Protesters at the Ambassador Bridge, connecting Windsor, Ontario, with Detroit, Michigan, and one of the busiest international border crossings in North America, blockaded the border crossing on February 7. On the evening of February 7, movement at the bridge came to a complete halt. The blockade continued into February 8. On the morning of February 8, officials declared the bridge reopened, but the blockade resumed, pushing trips to the Blue Water Bridge connecting Sarnia and Port Huron.

Supply shortages caused by the blockade led to work shortages at Ford Motor Company's assembly plants in Oakville and in Lansing, Michigan, and shut down its Windsor plant. Parts manufacturers for Chrysler were also shut down, and on February 10, Toyota revealed that its three Ontario plants could not produce vehicles for the rest of the week. The Bank of Canada warned that the blockade could have a "measurable impact" on the Canadian economy.

The Windsor-Essex Children's Aid Society condemned protesters for using children as human shields during the protest.

On the morning of February 12, aided by Ontario Provincial Police and the RCMP, Windsor Police began to clear out the blockade using new powers. Despite the heavy police presence, by the end of the day on February 12, most protesters remained, although had been pushed much further from the bridge. Police arrested two individuals, towed seven vehicles and issued eleven tickets.

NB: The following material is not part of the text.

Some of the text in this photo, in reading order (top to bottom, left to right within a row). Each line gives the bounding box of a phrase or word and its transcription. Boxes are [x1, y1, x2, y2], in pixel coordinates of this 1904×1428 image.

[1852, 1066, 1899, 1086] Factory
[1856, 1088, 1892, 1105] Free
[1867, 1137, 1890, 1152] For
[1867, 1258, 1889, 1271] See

On the morning of February 13, joint police forces took control of the area and began to make arrests. In the late evening of February 13, the Ambassador Bridge had fully reopened. 42 arrests were made in total, with 37 vehicles seized.

Windsor Police requested resources from other police organizations on February 9, 2022, after the number of participants climbed to around 100, with between 50 and 70 vehicles. Windsor, Ontario, where the convoy blocked the Ambassador Bridge, intervened in an action by automobile manufacturers in Superior Court for an injunction. Mayor Drew Dilkens declared his intention to clear the bridge with the assistance of police reinforcements. An injunction was granted February 11 effective 7 pm. A deadline of midnight was set. Local police were to be employed to clear the bridge.

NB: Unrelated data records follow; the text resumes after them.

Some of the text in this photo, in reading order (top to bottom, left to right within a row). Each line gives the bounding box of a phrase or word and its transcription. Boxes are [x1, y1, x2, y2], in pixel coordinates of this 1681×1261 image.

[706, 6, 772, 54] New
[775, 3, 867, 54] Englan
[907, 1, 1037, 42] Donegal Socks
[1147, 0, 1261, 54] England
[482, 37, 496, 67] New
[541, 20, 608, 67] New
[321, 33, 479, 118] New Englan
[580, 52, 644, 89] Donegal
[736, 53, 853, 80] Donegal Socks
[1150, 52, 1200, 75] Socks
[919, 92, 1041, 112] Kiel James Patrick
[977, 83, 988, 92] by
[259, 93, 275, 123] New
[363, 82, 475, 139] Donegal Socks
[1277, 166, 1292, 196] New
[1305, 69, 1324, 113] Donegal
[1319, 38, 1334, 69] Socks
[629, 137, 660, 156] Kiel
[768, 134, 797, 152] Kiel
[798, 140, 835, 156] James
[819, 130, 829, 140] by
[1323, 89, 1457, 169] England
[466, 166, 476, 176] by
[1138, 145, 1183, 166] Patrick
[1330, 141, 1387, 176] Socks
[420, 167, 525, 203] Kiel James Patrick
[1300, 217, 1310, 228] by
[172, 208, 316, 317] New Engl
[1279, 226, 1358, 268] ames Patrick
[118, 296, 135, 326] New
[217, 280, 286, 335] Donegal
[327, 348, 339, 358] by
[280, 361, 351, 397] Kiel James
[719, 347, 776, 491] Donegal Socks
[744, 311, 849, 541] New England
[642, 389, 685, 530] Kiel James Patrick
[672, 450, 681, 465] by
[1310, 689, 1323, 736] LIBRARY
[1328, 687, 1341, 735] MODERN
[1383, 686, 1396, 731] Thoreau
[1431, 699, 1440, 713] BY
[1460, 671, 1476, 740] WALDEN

At 9 am, police from several Ontario cities, including London, Ontario, were at the bridge in force together with buses and tow trucks, an armored personnel carrier, and a sniper. The Windsor police announced via Twitter that enforcement had begun. Some protestors, after discussion with police, had peacefully departed with their vehicles. The police, from Windsor and 5 other jurisdictions, succeeded in clearing the area of tractor-trailers, but a large crowd gathered in the area; the crowd was peaceful, even festive, singing the national anthem, but the bridge remained closed. The police maintained a strong presence in the area, but did not attempt mass arrests. In the evening one arrest was made.

The protesters were completely cleared by February 13 at approximately 8 a.m, although the border was not immediately opened. The bridge re-opened in the evening with 25 to 30 people arrested and 12 small vehicles seized. There was a substantial police presence and Jersey barriers were installed to keep the three-mile long access road to the bridge open. On February 16, police intercepted a convoy of six or seven trucks 250 km away from Windsor – heading towards the city after leaving Ottawa.

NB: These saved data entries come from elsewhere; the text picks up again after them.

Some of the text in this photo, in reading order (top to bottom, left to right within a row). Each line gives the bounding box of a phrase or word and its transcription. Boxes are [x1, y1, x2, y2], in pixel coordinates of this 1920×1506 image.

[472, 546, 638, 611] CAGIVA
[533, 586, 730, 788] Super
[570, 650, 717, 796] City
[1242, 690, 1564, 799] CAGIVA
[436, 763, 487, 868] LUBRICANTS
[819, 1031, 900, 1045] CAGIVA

== Participants and response ==
=== Organizers ===
Some of the key individual organizers for the convoy included, James Bauder, Romana Didulo, Patrick "Pat" King, Tamara Lich, Jason LaFace, Benjamin Dichter, and Dave Steenburg. In the lead-up to the planned arrival in Ottawa, it was reported on January 25 that far-right and white supremacist groups were hoping for violence on Parliament Hill akin to the 2021 United States Capitol attack. This has caused organizer Tamara Lich to address convoy members and denounce political violence, saying that protesters should "hold a peaceful protest" instead. Organizers and leaders of the convoy condemned extremist groups, and asked that participants report lawbreakers to the police. They also stated that any extremists found would be "removed" from the convoy. Despite this, some protesters were photographed with Confederate flags and other flags with Nazi symbols at the rally. The Globe and Mail noted that "signs comparing vaccine mandates to the persecution of Jewish people by the Nazis remained" until the clearance. On January 28, Prime Minister Justin Trudeau expressed concern that a small group of protesters were going to be posing a threat during the weekend.

===Counter-protests===
Counter-protests in favour of public health measures were held throughout the convoy's duration. In Ottawa, with protestors in the parliament area spilling into residential neighbourhoods nearby, lawsuits and injunction requests were filed by residents to silence the trucks that were honking their horns at all hours.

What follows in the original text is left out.